Здесь уместно провести некоторую аналогию с теорией относительности. Так, «те, кто не был удовлетворен устранением Эйнштейном абсолютного пространства и абсолютного времени, могли аргументировать примерно следующим образом. Специальная теория относительности никоим образом не доказала, что не существует абсолютное пространство и абсолютное время. Она только показала, что истинное пространство и истинное время во всех обычных экспериментах себя не проявляют» (Гейзенберг). Однако мы не можем принять такой стиль мышления. «Такая интерпретация теории относительности, – пишет Гейзенберг, – нарушала бы, по крайней мере на применяемом языке, как раз важнейшее свойство симметрии теории относительности, а именно инвариантность относительно преобразований Лоренца, и поэтому ее следует считать неприемлемой» (Гейзенберг).

Характерно, что некоторые исследователи, осознав в свое время научную «неподъемность» проблемы иных измерений, писали о том, что спрашивать по поводу того, «каково пространство на самом деле… либо бессмысленно, либо нестрого» (Мостепаненко, Мостепаненко). Бессмысленность этого вопроса, согласно логике копенгагенской школы, связана с тем, что знания о реальности, которая существует на самом деле в принципе быть не может. Наше знание о природе, если вспомнить слова Гейзенберга, всегда предполагает знание относительно наших познавательных возможностей, относительно нашей психофизической организации. Знание того, сколько измерений имеет пространство на самом деле, этому условию явно не соответствует.

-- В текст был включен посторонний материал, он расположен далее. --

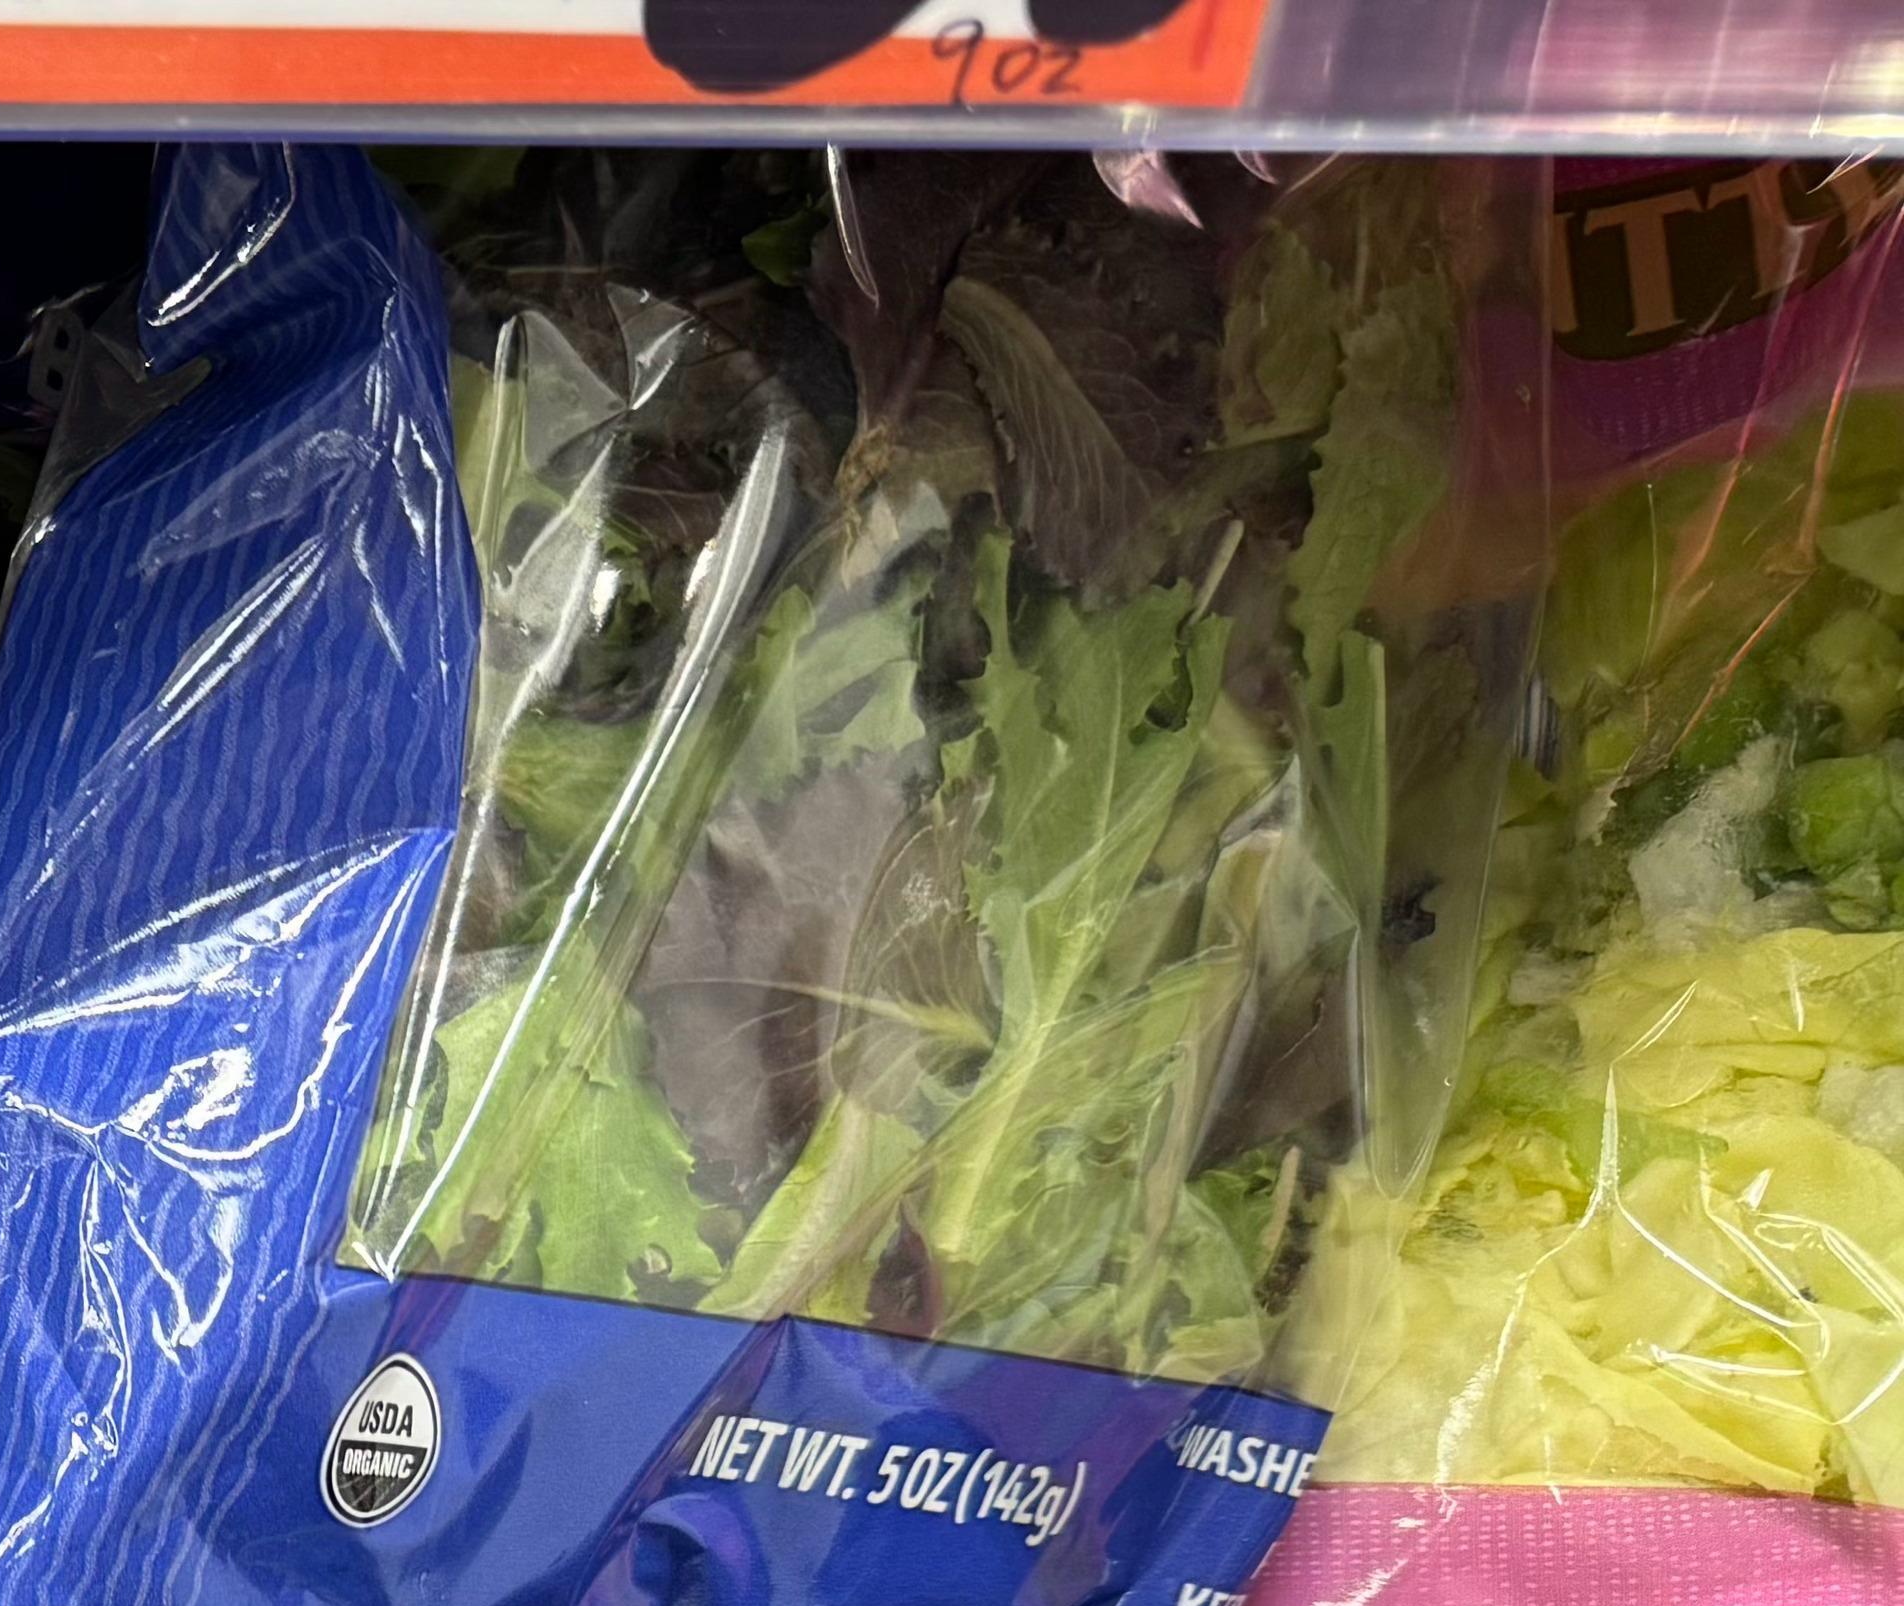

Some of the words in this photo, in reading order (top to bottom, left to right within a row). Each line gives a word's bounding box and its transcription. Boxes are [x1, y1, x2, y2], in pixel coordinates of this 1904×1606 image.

Этот вывод, конечно, не является простым индуктивно доказываемым следствием из эмпирических положений современной физики, но определенной мировоззренческой «надстройкой» над ними. Но это вовсе не умаляет его значения. Он, в частности, оставляет место для существования внепространственно-вневременной реальности «биологического поля», – той реальности, которая навсегда останется за пределами возможностей научного подхода.

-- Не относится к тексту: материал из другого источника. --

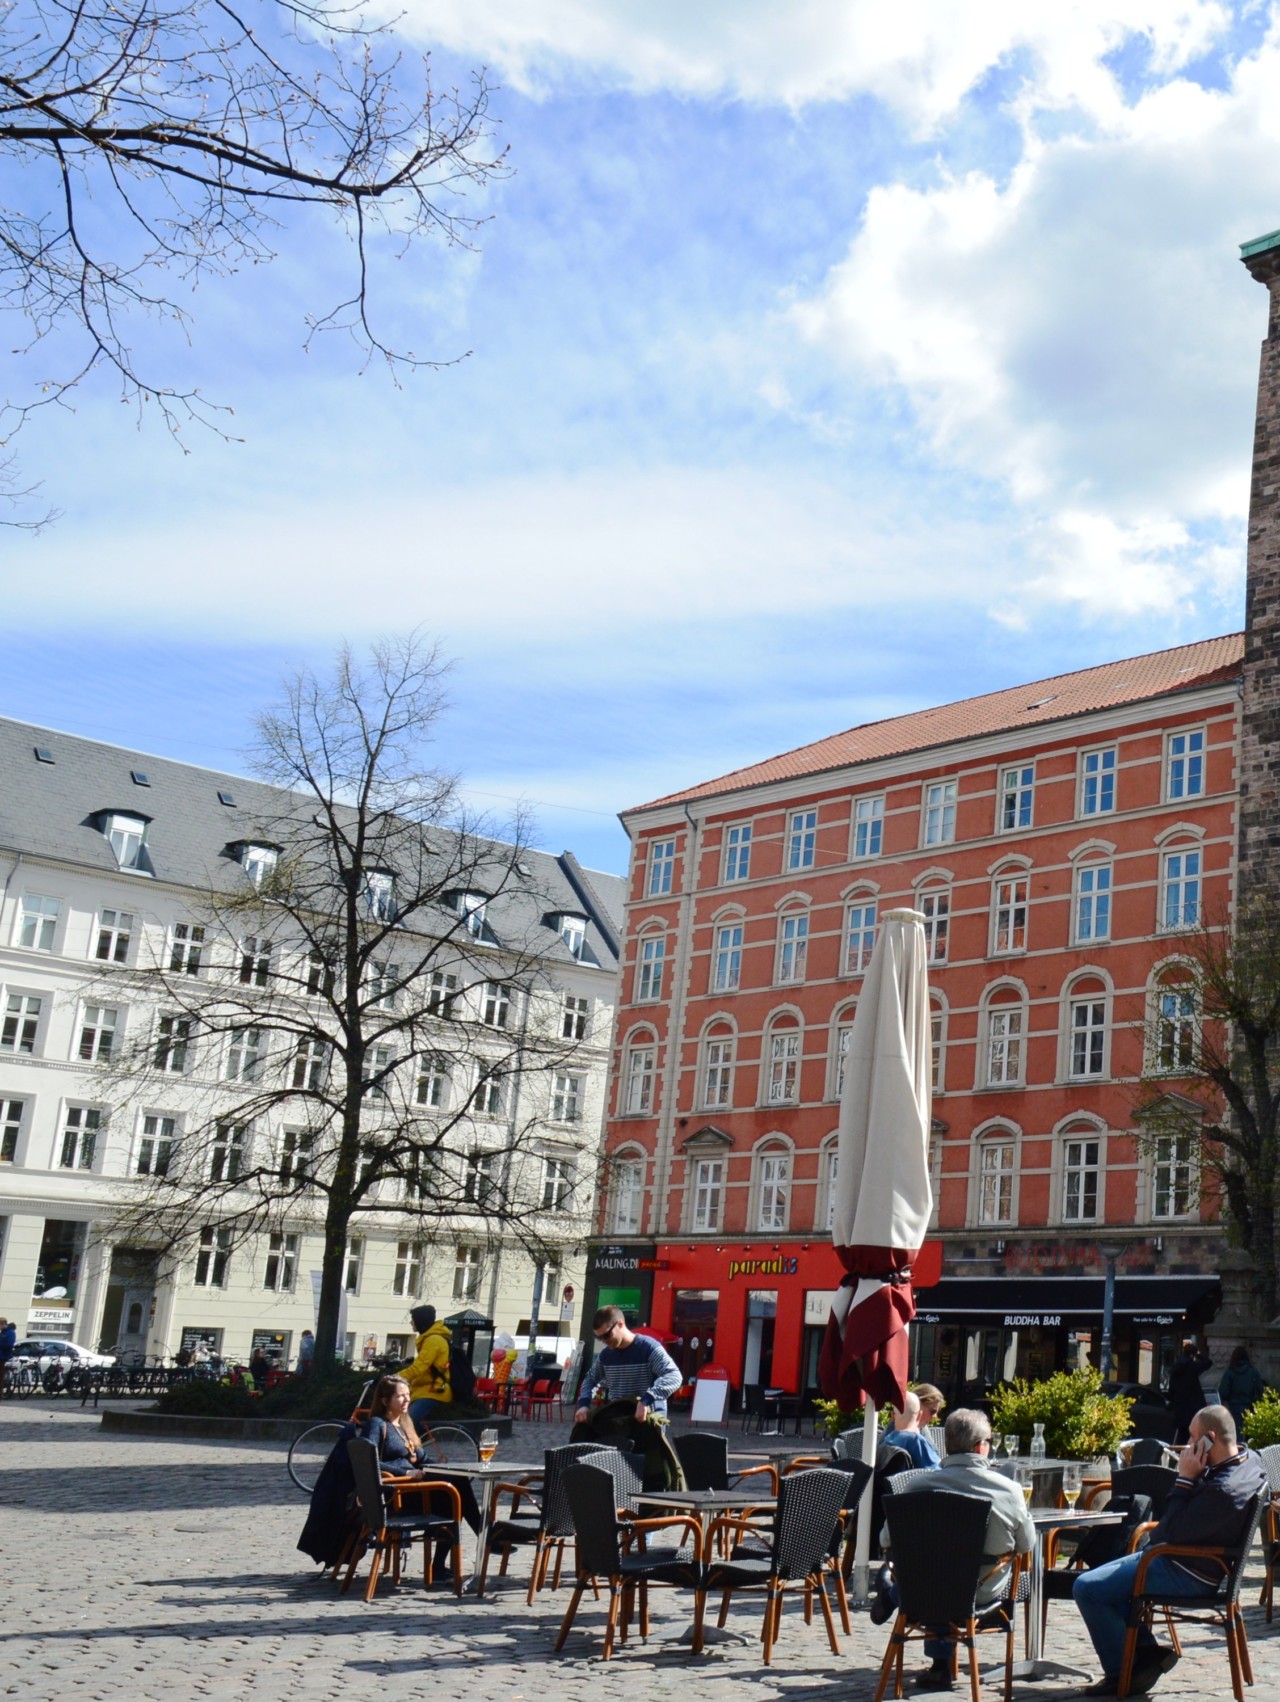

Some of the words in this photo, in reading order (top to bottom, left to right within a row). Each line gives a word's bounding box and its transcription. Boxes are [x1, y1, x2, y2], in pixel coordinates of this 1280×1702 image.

[728, 1255, 799, 1281] paradis
[34, 1311, 70, 1319] ZEPPELIN
[1004, 1316, 1040, 1326] BUDDHA
[1043, 1316, 1061, 1326] BAR

В самом деле, поднимая вопрос о природе пространственной организации нашего мира, мы должны всегда помнить о том, что любое знание об этом мире будет являться, в конечном счете, неким преломлением реальности через наши психофизические механизмы восприятия, или же, другими словами, – проекцией этой реальности на эти психофизические механизмы. Можно, вероятно, говорить о пространственно трехмерном мире, представляющем собой реальность, непосредственно отраженную в нашей психофизической природе. Но можно говорить и о мире многих измерений физических теорий, представляющем собой реальность, опосредованно отраженную в различных вариантах математических моделей этого мира. Всякая же проекция – в том числе и та, которая предстает перед нами в виде нашего пространственно трехмерного мира – по определению является чем-то неполным, оставляющим за собой сферу принципиально непознаваемого, запредельного, с которым могут быть связаны и истоки «биологического поля». Ведь «трехмерность пространства и одномерность времени – эмпирические факты, и, следовательно, они справедливы лишь в границах нашей современной практики» (Мостепаненко, Мостепаненко).

Говоря о разных вариантах «пространственных проекций», предстающих перед нами в разных сферах нашего житейского и научного опыта, надо помнить о том, что среди этого множества явно выделяется непосредственно воспринимаемый нами пространственно трехмерный мир. Именно в этом пространственно трехмерном мире – связан ли он с какой-либо таинственной браной, или же не связан, – мы призваны жить. Именно к этой окружающей нас трехмерной реальности привязан наш образ мышления, наша интуиция. Но эти кардинальные преимущества пространственной трехмерности вовсе не означают того, что разговоры о реальности вне этого непосредственно воспринимаемого нами пространства не имеют никакого смысла. Однако вести эти разговоры следует очень корректно, не смешивая предположительные философские идеи со строгим физическим знанием.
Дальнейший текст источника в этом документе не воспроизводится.